Office Timings In Ramazan

Office Timings In Ramazan

Three things that concern Pakistanis the most before the beginning of the holy month of Ramazan are; sugar prices, electricity shortage given the severity of hot weather and office timings. The former two would be dealt with at another time but for the purposes of this article, we are concerned with the office timings. It should not surprise many that there is no particular law that regulates office hours during Ramazan, though it remains preferable to ensure prevention of exploitation of employees, particularly the ones working in private institutions.

Since we are prone to cherish and take examples from our ‘brethren’ in the Middle East, including myself who has recently restored the sanctity of ‘z’ which remained stumped by ‘d’ for several years now, it would be pertinent to note how the office hours are regulated there. Dubai International Financial Center’s (DIFC) employment law provides in Part 4, Section 3; ‘During the Holy month of Ramadan, a Muslim employee who observes the fast shall not be required to work in excess of six (6) hours each day. There shall be no reduction in compensation as a result’. It can be noted that the law makes a specific mention of ‘fasting Muslims’. Hence, if you are not fasting and the employer finds out, he can ask you to work for normal working hours.

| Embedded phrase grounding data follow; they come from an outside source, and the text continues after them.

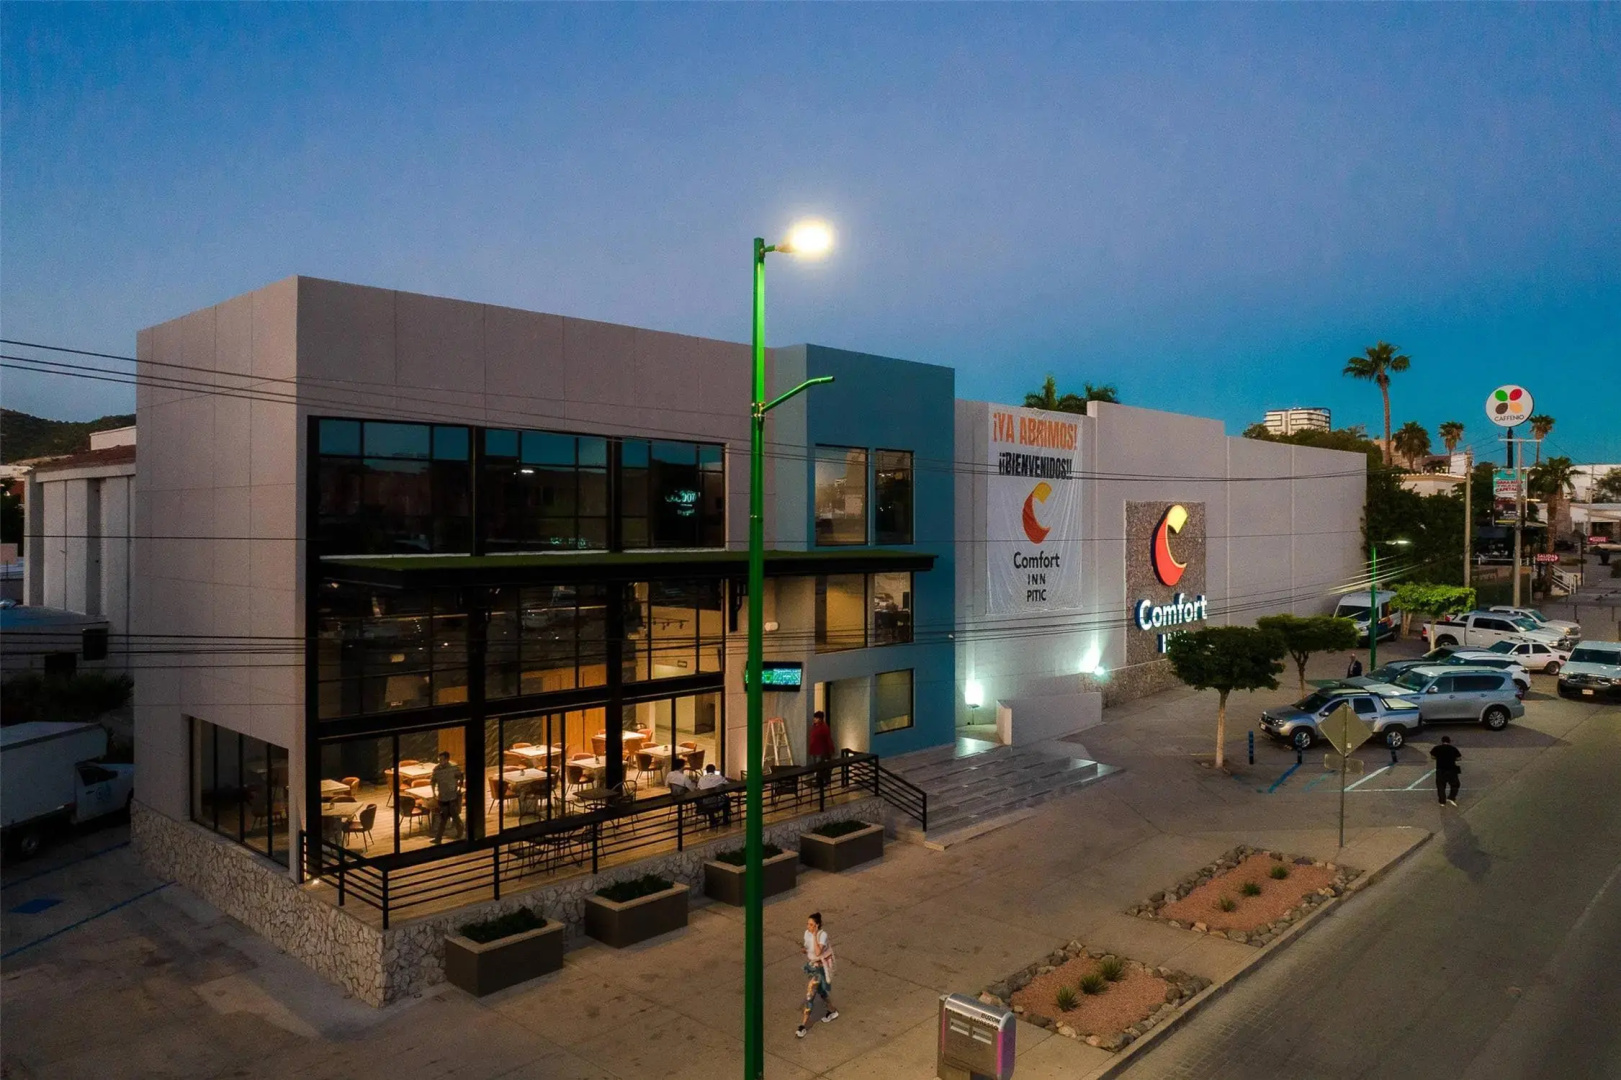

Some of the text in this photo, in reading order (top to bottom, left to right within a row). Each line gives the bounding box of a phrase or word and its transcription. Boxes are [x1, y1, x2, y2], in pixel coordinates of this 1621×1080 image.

[1494, 414, 1525, 422] CAFFENIO
[1013, 550, 1060, 569] Comfort
[1027, 573, 1046, 585] INN
[1026, 589, 1047, 602] PITIC
[1137, 592, 1208, 631] Comfort

This law, however, is confined to areas that fall under DIFC’s jurisdiction. However,under the UAE’s labor law, no such distinction is made between Muslims and Non-Muslims and the reduction in office hours applies across the board. One of the benefits for having a proper law in place, as mentioned above, is that it allows the authorities to keep an effective check across the board. Authorities in UAE keep a scrutiny of the working hours and if anyone is found to have violated the law, they can be penalized.

In Pakistan, on the other hand, there is no law that supports the reduction of office hours during Ramazan which is incomprehensible considering that the much criticized Ehtram-e-Ramazan Ordinance, 1981 continues to hold force. In the absence of legislation, government issues notification to regulate the office hours at provincial and federal institutions. In the private sector, businesses do it of their own accord. Though, the legislation which seeks to protect the rights of labor does prescribe a specific number of hours, e.g. The Punjab Shops and Establishment Ordinance, 1969 provides in section 8; Save as otherwise expressly provided in this Ordinance, no adult employee shall be required or permitted to work in any establishment in excess of nine hours a day and forty-eight hours a week, and no young person in excess of seven hours a day and forty-two hours a week, it is only sane to consider that the private business will reduce it below the average hours allowed otherwise but if the entity fails to do so, no penalty can ensue as a result. In this situation, it can only be presumed that, in Pakistan,the government is more concerned about preventing people from eating in front of those who are fasting than to protect the latter from over work which is more likely to affect their health than the radiation, if any, which may omit from a sandwich or any other edible.

It may be noted that the office hours for the year 2015 had been reduced to 6 hours during weekdays except Friday when the timing had been reduced further by an hour. This had been done through notifications issued by center, provinces and the State Bank of Pakistan. It is, however, advisable to the legislature to once more look towards the ‘brethren’ in UAE for something other than ‘dirhams’ and adopt a law that can be applied upon everyone to maintain the health and integrity of the working class of the country as obligated by the Constitution of Pakistan, notably under Articles 9 and 14 wherein the courts have read the right to a quality and healthy life as a fundamental right.


The views expressed in this article are those of the author and do not necessarily represent the views of any organization with which he might be associated.

Bilal Ramzan

Author: Bilal Ramzan

The writer is a lawyer, has an LLM in International Law from the University of Cambridge and is a member of the Editorial Team of Courting The Law.

1 comment

I do not understand why work hours are reduced in Ramazan. It only adds to our inefficiency. Waking up for sehri and performing rituals takes away atleast an hour from your sleep hours. And then you are asked to show up at work an hour earlier as well, taking away another hour of sleep. Considering one fasts all day, time for rejuvenation is essential to maintain health and productivity. No wonder routine activities move at snail-pace during this month. How do you expect an economy to move forward when your banks are open till 1pm? I would relax starting times to 9:30 – 10:00 and stick to 5pm closing, and introduce the concept of hourly wages. People may argue that having relaxed start times may alter habits and lead to lack of discipline when we shift back to 9am starts after Ramazan. If thats true, then why do not these employees adapt the good things in Ramazan and apply it all year round as well? If only a month could bring this much change.
Marginal benefits of employers and employees are being increased, at the expense of consumer surplus. This is reflected in the marginally higher prices charged from the consumer. The phenomenon we witness every Ramazan. We work less but we expect the same salary in Ramazan. When we work less, we produce less. When we produce less and expect the same income, prices go up. This is why most developed countries work on hourly wages. Your wage is directly proportional to your work hours and marginal productivity.